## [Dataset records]
____________________
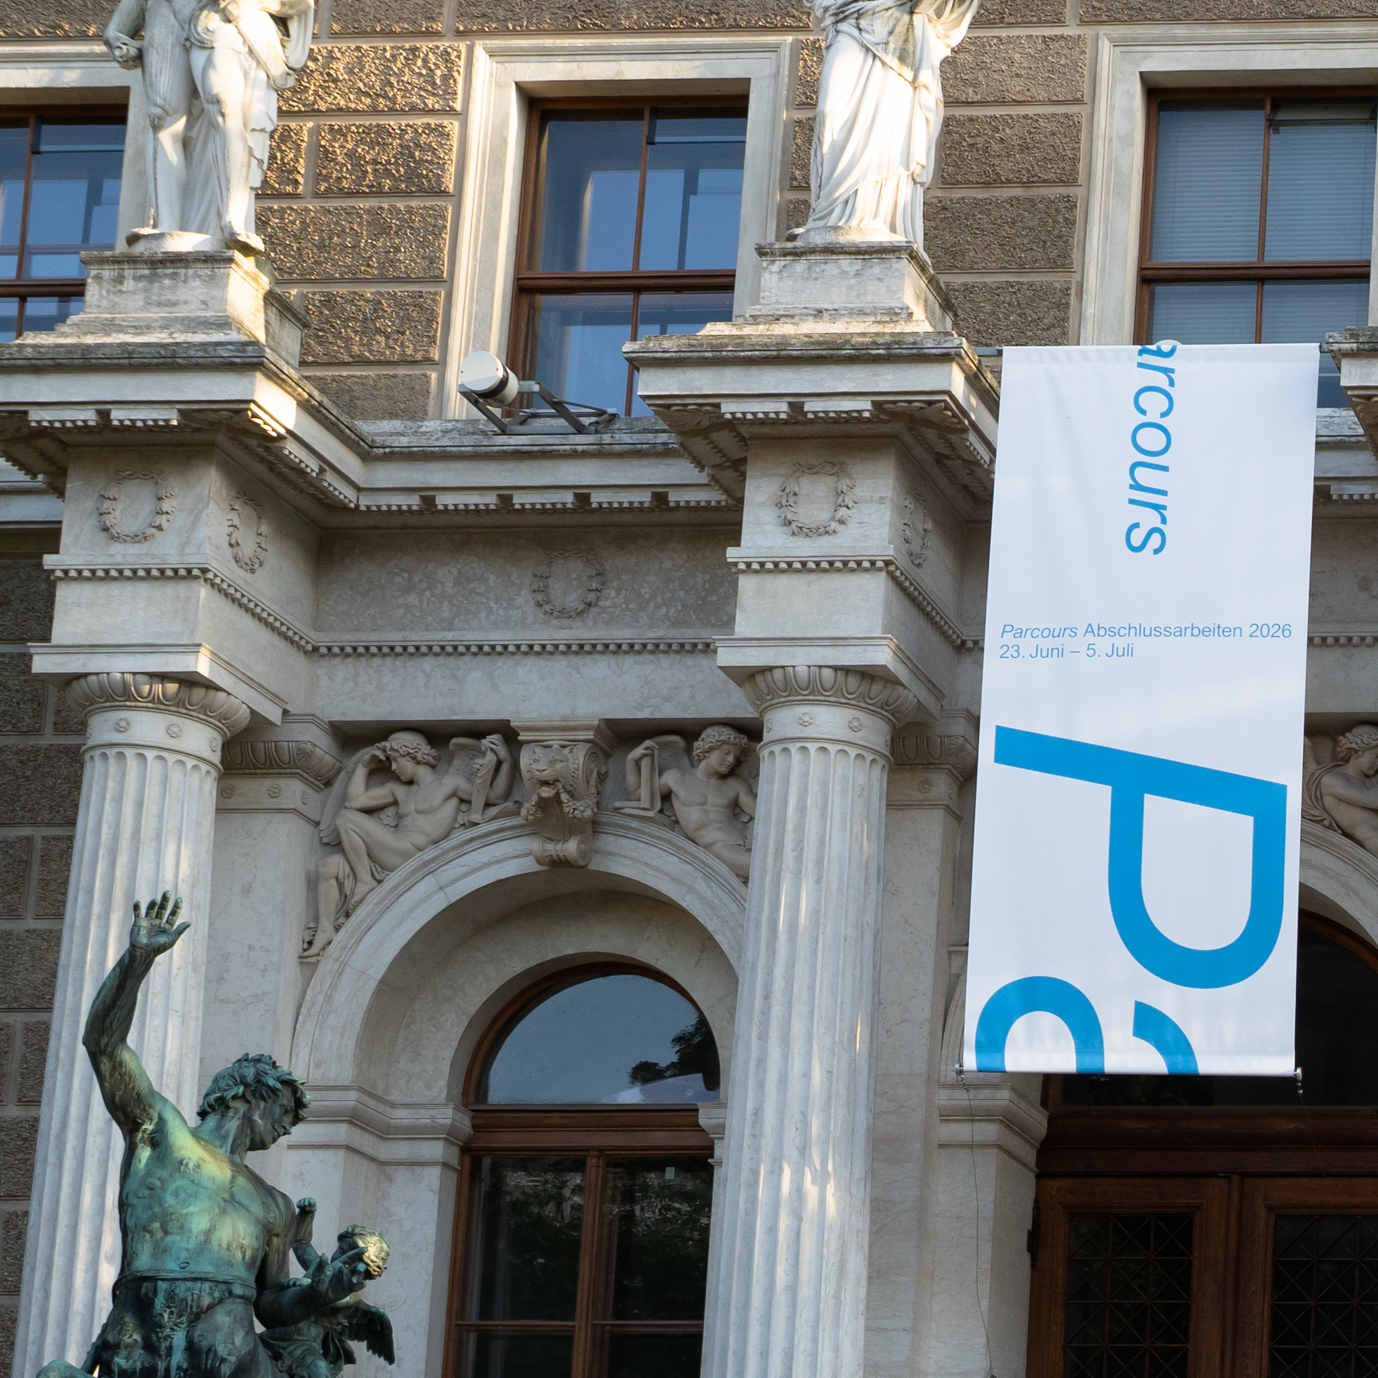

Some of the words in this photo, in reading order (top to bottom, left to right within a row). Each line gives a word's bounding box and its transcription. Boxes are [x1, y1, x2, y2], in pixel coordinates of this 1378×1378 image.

[1000, 623, 1078, 639] Parcours
[1083, 622, 1242, 638] Abschlussarbeiten
[1249, 623, 1292, 638] 2026
[999, 644, 1026, 659] 23.
[1029, 643, 1065, 658] Juni
[1086, 643, 1100, 658] 5.
[1105, 642, 1134, 658] Juli
____________________
## [Exercise directions]
Down to the last line, return the entries above exactly, with no pictures.

## [Answer space]
Some of the words in this photo, in reading order (top to bottom, left to right within a row). Each line gives a word's bounding box and its transcription. Boxes are [x1, y1, x2, y2], in pixel coordinates of this 1378×1378 image.

[1000, 623, 1078, 639] Parcours
[1083, 622, 1242, 638] Abschlussarbeiten
[1249, 623, 1292, 638] 2026
[999, 644, 1026, 659] 23.
[1029, 643, 1065, 658] Juni
[1086, 643, 1100, 658] 5.
[1105, 642, 1134, 658] Juli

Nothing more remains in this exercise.